== What to do ==
Would you print the entire listing exactly, leaving nothing out?
--
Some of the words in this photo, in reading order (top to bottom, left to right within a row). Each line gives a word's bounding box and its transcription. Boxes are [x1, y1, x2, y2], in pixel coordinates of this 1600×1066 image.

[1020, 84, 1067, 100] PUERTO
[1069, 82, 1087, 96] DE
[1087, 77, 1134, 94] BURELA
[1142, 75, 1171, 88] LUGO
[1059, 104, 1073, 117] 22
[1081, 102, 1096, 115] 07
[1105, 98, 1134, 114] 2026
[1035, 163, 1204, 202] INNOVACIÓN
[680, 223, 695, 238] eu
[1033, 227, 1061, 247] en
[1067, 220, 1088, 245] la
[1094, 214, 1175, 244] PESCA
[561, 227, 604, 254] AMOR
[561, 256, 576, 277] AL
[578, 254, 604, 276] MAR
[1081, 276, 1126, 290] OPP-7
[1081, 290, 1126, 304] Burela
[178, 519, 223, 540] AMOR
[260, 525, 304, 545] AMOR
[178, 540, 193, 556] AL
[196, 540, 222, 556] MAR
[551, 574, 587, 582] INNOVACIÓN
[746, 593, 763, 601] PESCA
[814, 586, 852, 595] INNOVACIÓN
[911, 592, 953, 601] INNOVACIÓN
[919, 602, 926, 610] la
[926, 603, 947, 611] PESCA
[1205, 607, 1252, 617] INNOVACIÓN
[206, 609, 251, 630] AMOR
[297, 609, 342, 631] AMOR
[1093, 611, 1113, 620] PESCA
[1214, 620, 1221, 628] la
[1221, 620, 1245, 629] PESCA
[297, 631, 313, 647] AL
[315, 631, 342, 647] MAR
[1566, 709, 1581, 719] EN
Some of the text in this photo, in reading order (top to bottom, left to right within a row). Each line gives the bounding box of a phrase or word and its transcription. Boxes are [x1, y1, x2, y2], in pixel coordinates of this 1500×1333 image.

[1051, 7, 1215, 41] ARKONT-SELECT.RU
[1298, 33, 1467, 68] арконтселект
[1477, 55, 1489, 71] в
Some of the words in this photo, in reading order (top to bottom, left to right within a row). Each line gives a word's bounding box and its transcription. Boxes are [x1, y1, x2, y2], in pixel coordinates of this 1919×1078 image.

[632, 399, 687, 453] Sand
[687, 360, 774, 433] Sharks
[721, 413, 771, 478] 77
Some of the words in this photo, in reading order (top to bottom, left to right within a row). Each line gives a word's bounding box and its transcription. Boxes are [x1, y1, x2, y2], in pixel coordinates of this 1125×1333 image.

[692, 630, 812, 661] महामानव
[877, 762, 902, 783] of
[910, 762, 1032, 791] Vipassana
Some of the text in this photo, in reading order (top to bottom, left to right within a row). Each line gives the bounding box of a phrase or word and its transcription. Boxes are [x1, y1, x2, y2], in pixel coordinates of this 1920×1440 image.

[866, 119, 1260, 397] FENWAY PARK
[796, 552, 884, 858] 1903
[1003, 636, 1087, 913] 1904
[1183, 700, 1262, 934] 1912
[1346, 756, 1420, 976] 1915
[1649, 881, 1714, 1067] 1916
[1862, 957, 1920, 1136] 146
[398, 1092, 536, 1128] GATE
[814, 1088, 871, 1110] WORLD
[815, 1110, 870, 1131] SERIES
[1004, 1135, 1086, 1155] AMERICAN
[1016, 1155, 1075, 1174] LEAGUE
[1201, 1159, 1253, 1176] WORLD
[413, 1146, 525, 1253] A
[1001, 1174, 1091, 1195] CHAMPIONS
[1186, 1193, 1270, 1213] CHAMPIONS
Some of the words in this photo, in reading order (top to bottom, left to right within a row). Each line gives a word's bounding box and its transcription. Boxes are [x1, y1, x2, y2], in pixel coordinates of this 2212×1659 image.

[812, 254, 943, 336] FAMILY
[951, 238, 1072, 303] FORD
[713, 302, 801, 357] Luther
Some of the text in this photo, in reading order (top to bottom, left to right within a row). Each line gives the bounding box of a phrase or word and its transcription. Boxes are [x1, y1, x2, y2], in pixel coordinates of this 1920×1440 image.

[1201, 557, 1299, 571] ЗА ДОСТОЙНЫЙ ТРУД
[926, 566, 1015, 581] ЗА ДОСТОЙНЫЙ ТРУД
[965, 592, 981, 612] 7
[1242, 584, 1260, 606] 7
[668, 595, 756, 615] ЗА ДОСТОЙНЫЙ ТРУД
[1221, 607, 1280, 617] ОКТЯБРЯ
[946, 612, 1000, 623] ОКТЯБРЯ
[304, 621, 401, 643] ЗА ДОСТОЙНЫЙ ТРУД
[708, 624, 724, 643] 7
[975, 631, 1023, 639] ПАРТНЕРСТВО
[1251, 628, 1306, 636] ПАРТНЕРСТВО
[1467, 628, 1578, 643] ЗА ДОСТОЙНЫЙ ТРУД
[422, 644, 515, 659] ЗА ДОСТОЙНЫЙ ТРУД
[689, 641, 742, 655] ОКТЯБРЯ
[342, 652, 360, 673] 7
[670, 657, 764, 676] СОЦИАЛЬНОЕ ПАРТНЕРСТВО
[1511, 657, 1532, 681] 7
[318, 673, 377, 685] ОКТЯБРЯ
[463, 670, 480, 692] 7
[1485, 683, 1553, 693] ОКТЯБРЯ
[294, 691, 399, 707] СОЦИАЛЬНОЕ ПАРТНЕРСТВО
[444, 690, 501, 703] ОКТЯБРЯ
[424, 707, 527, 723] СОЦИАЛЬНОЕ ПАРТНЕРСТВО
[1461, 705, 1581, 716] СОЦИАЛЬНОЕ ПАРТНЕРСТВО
--
== Task result ==
Some of the words in this photo, in reading order (top to bottom, left to right within a row). Each line gives a word's bounding box and its transcription. Boxes are [x1, y1, x2, y2], in pixel coordinates of this 1600×1066 image.

[1020, 84, 1067, 100] PUERTO
[1069, 82, 1087, 96] DE
[1087, 77, 1134, 94] BURELA
[1142, 75, 1171, 88] LUGO
[1059, 104, 1073, 117] 22
[1081, 102, 1096, 115] 07
[1105, 98, 1134, 114] 2026
[1035, 163, 1204, 202] INNOVACIÓN
[680, 223, 695, 238] eu
[1033, 227, 1061, 247] en
[1067, 220, 1088, 245] la
[1094, 214, 1175, 244] PESCA
[561, 227, 604, 254] AMOR
[561, 256, 576, 277] AL
[578, 254, 604, 276] MAR
[1081, 276, 1126, 290] OPP-7
[1081, 290, 1126, 304] Burela
[178, 519, 223, 540] AMOR
[260, 525, 304, 545] AMOR
[178, 540, 193, 556] AL
[196, 540, 222, 556] MAR
[551, 574, 587, 582] INNOVACIÓN
[746, 593, 763, 601] PESCA
[814, 586, 852, 595] INNOVACIÓN
[911, 592, 953, 601] INNOVACIÓN
[919, 602, 926, 610] la
[926, 603, 947, 611] PESCA
[1205, 607, 1252, 617] INNOVACIÓN
[206, 609, 251, 630] AMOR
[297, 609, 342, 631] AMOR
[1093, 611, 1113, 620] PESCA
[1214, 620, 1221, 628] la
[1221, 620, 1245, 629] PESCA
[297, 631, 313, 647] AL
[315, 631, 342, 647] MAR
[1566, 709, 1581, 719] EN
Some of the text in this photo, in reading order (top to bottom, left to right within a row). Each line gives the bounding box of a phrase or word and its transcription. Boxes are [x1, y1, x2, y2], in pixel coordinates of this 1500×1333 image.

[1051, 7, 1215, 41] ARKONT-SELECT.RU
[1298, 33, 1467, 68] арконтселект
[1477, 55, 1489, 71] в
Some of the words in this photo, in reading order (top to bottom, left to right within a row). Each line gives a word's bounding box and its transcription. Boxes are [x1, y1, x2, y2], in pixel coordinates of this 1919×1078 image.

[632, 399, 687, 453] Sand
[687, 360, 774, 433] Sharks
[721, 413, 771, 478] 77
Some of the words in this photo, in reading order (top to bottom, left to right within a row). Each line gives a word's bounding box and its transcription. Boxes are [x1, y1, x2, y2], in pixel coordinates of this 1125×1333 image.

[692, 630, 812, 661] महामानव
[877, 762, 902, 783] of
[910, 762, 1032, 791] Vipassana
Some of the text in this photo, in reading order (top to bottom, left to right within a row). Each line gives the bounding box of a phrase or word and its transcription. Boxes are [x1, y1, x2, y2], in pixel coordinates of this 1920×1440 image.

[866, 119, 1260, 397] FENWAY PARK
[796, 552, 884, 858] 1903
[1003, 636, 1087, 913] 1904
[1183, 700, 1262, 934] 1912
[1346, 756, 1420, 976] 1915
[1649, 881, 1714, 1067] 1916
[1862, 957, 1920, 1136] 146
[398, 1092, 536, 1128] GATE
[814, 1088, 871, 1110] WORLD
[815, 1110, 870, 1131] SERIES
[1004, 1135, 1086, 1155] AMERICAN
[1016, 1155, 1075, 1174] LEAGUE
[1201, 1159, 1253, 1176] WORLD
[413, 1146, 525, 1253] A
[1001, 1174, 1091, 1195] CHAMPIONS
[1186, 1193, 1270, 1213] CHAMPIONS
Some of the words in this photo, in reading order (top to bottom, left to right within a row). Each line gives a word's bounding box and its transcription. Boxes are [x1, y1, x2, y2], in pixel coordinates of this 2212×1659 image.

[812, 254, 943, 336] FAMILY
[951, 238, 1072, 303] FORD
[713, 302, 801, 357] Luther
Some of the text in this photo, in reading order (top to bottom, left to right within a row). Each line gives the bounding box of a phrase or word and its transcription. Boxes are [x1, y1, x2, y2], in pixel coordinates of this 1920×1440 image.

[1201, 557, 1299, 571] ЗА ДОСТОЙНЫЙ ТРУД
[926, 566, 1015, 581] ЗА ДОСТОЙНЫЙ ТРУД
[965, 592, 981, 612] 7
[1242, 584, 1260, 606] 7
[668, 595, 756, 615] ЗА ДОСТОЙНЫЙ ТРУД
[1221, 607, 1280, 617] ОКТЯБРЯ
[946, 612, 1000, 623] ОКТЯБРЯ
[304, 621, 401, 643] ЗА ДОСТОЙНЫЙ ТРУД
[708, 624, 724, 643] 7
[975, 631, 1023, 639] ПАРТНЕРСТВО
[1251, 628, 1306, 636] ПАРТНЕРСТВО
[1467, 628, 1578, 643] ЗА ДОСТОЙНЫЙ ТРУД
[422, 644, 515, 659] ЗА ДОСТОЙНЫЙ ТРУД
[689, 641, 742, 655] ОКТЯБРЯ
[342, 652, 360, 673] 7
[670, 657, 764, 676] СОЦИАЛЬНОЕ ПАРТНЕРСТВО
[1511, 657, 1532, 681] 7
[318, 673, 377, 685] ОКТЯБРЯ
[463, 670, 480, 692] 7
[1485, 683, 1553, 693] ОКТЯБРЯ
[294, 691, 399, 707] СОЦИАЛЬНОЕ ПАРТНЕРСТВО
[444, 690, 501, 703] ОКТЯБРЯ
[424, 707, 527, 723] СОЦИАЛЬНОЕ ПАРТНЕРСТВО
[1461, 705, 1581, 716] СОЦИАЛЬНОЕ ПАРТНЕРСТВО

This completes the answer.